_WHAT TO DO_
Transcribe exactly the line containing "this 2212×1659 image." and each line after it, through the end of the entries, with nothing before or after.

[Phrase grounding data]
· · · ·

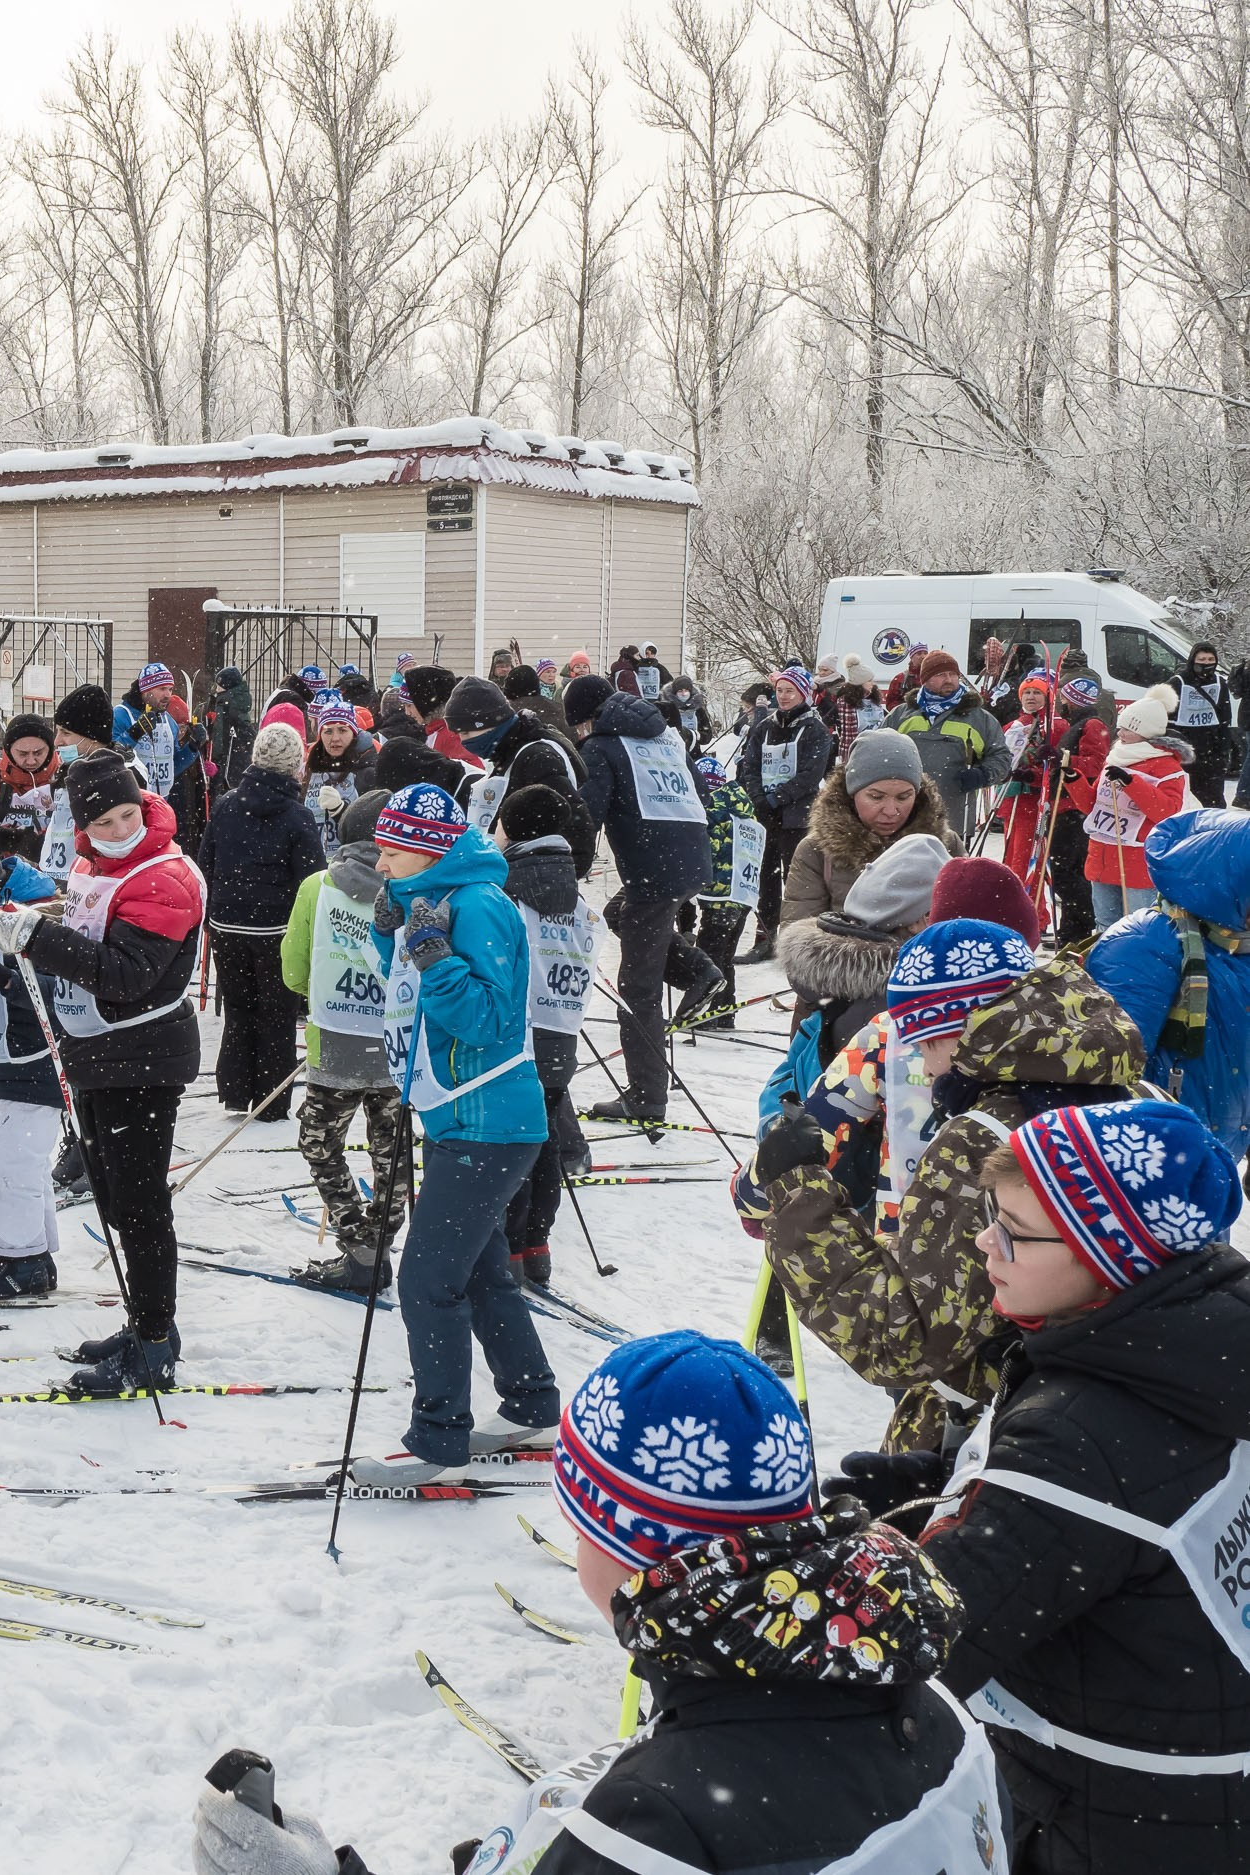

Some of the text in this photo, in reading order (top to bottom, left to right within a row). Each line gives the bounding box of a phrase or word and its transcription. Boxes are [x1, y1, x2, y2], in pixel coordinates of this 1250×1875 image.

[1188, 712, 1214, 726] 4189
[329, 907, 371, 932] ЛЫЖНЯ
[334, 967, 386, 1005] 456
[905, 1073, 931, 1087] СПО
[1213, 1488, 1250, 1581] ЛЫЖ
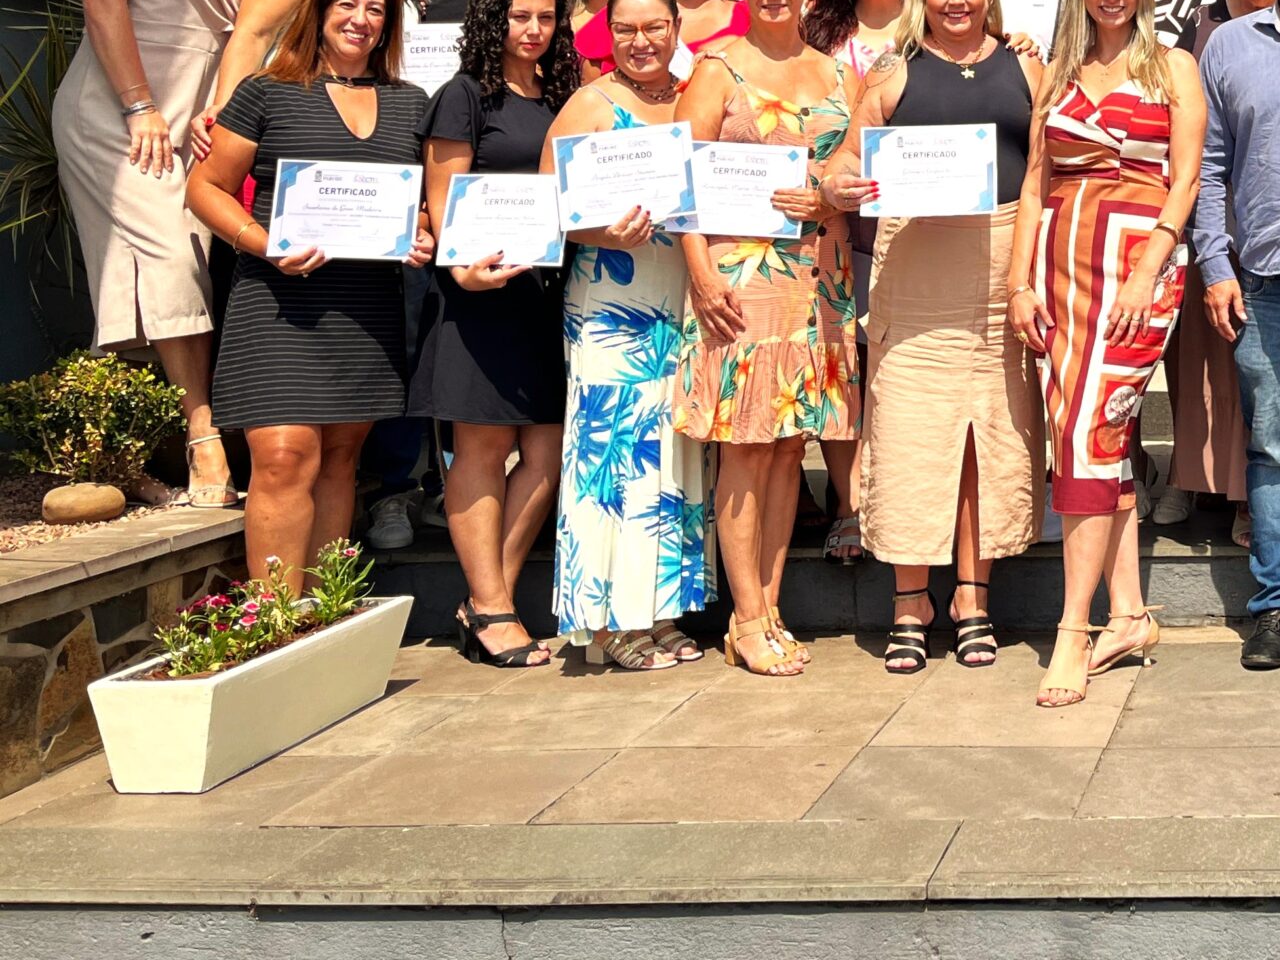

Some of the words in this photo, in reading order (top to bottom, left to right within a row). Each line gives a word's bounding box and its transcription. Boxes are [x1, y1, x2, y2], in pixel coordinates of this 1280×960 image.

[596, 150, 653, 164] CERTIFICADO
[902, 151, 957, 160] CERTIFICADO
[713, 167, 767, 177] CERTIFICADO
[318, 187, 378, 197] CERTIFICADO
[484, 198, 535, 206] CERTIFICADO
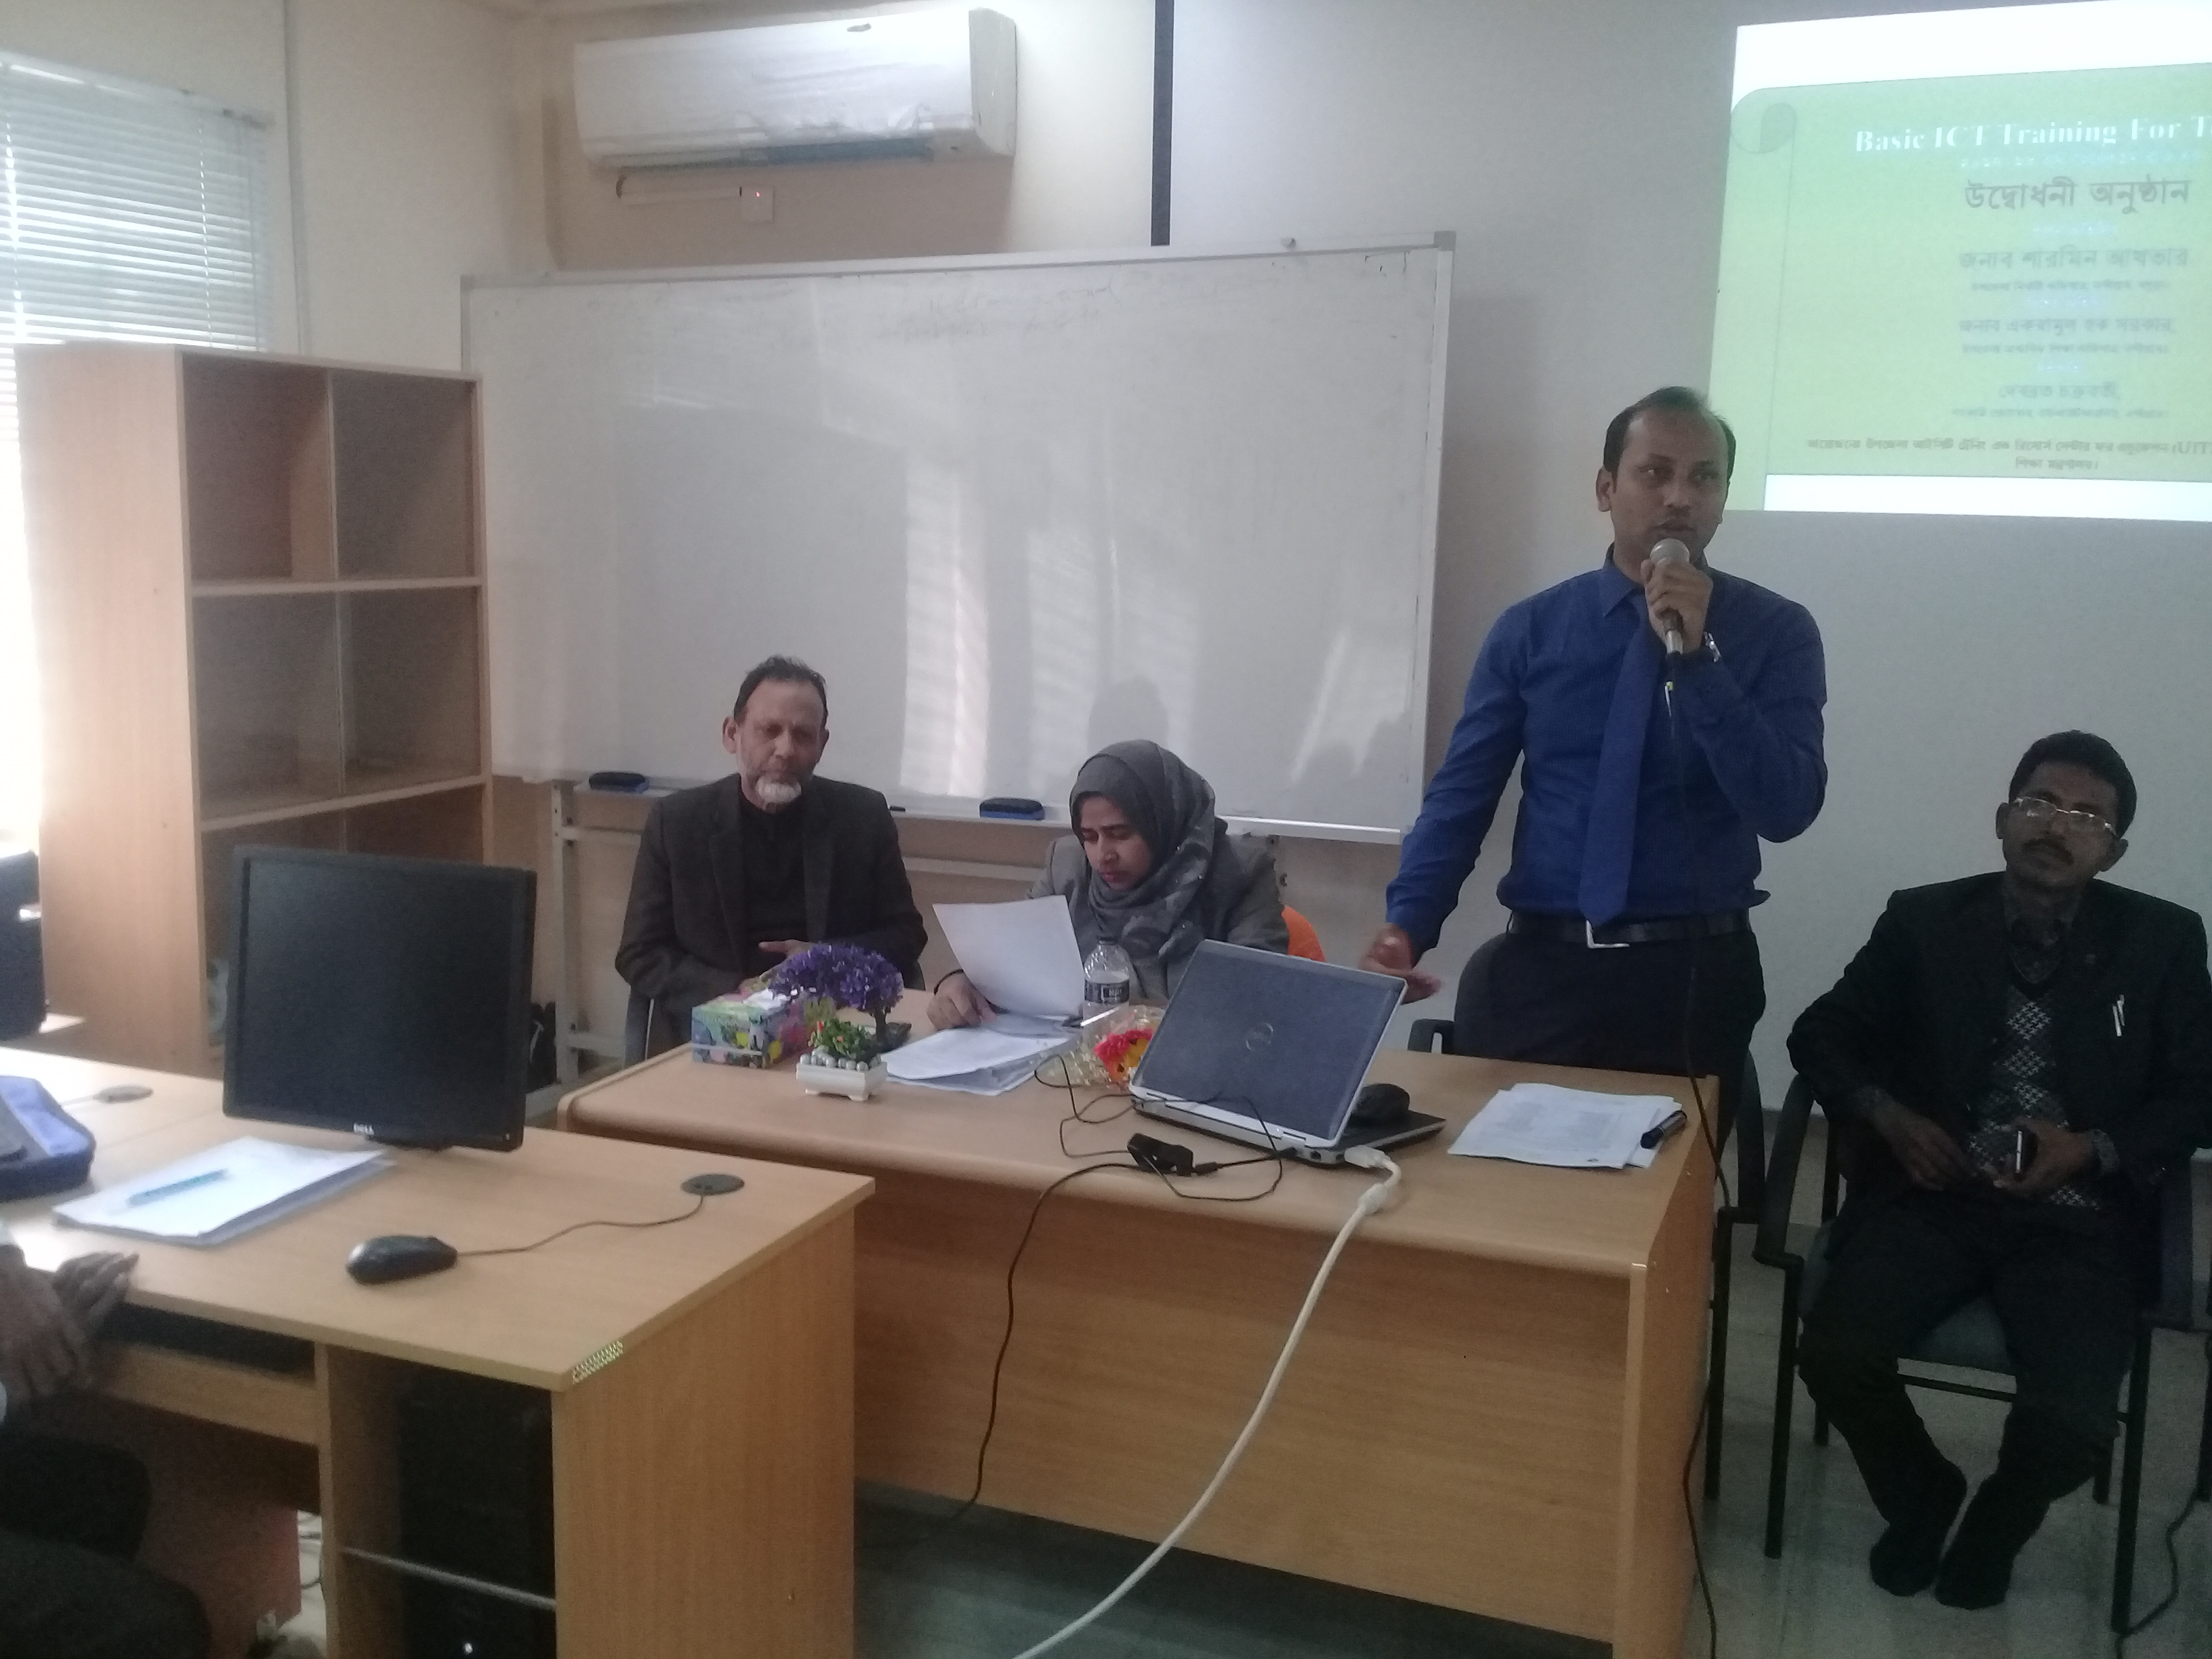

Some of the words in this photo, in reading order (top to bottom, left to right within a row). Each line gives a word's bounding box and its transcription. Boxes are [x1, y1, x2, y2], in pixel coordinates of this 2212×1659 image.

[1856, 128, 1925, 152] Basic
[1935, 124, 1990, 148] ICT
[1998, 121, 2116, 147] Training
[2131, 117, 2182, 140] For
[1965, 176, 2077, 210] উদ্বোধনী
[2090, 173, 2191, 214] অনুষ্ঠান
[1959, 251, 2013, 269] জনাব

· · · ·

_ANSWER SPACE_
Some of the words in this photo, in reading order (top to bottom, left to right within a row). Each line gives a word's bounding box and its transcription. Boxes are [x1, y1, x2, y2], in pixel coordinates of this 2212×1659 image.

[1856, 128, 1925, 152] Basic
[1935, 124, 1990, 148] ICT
[1998, 121, 2116, 147] Training
[2131, 117, 2182, 140] For
[1965, 176, 2077, 210] উদ্বোধনী
[2090, 173, 2191, 214] অনুষ্ঠান
[1959, 251, 2013, 269] জনাব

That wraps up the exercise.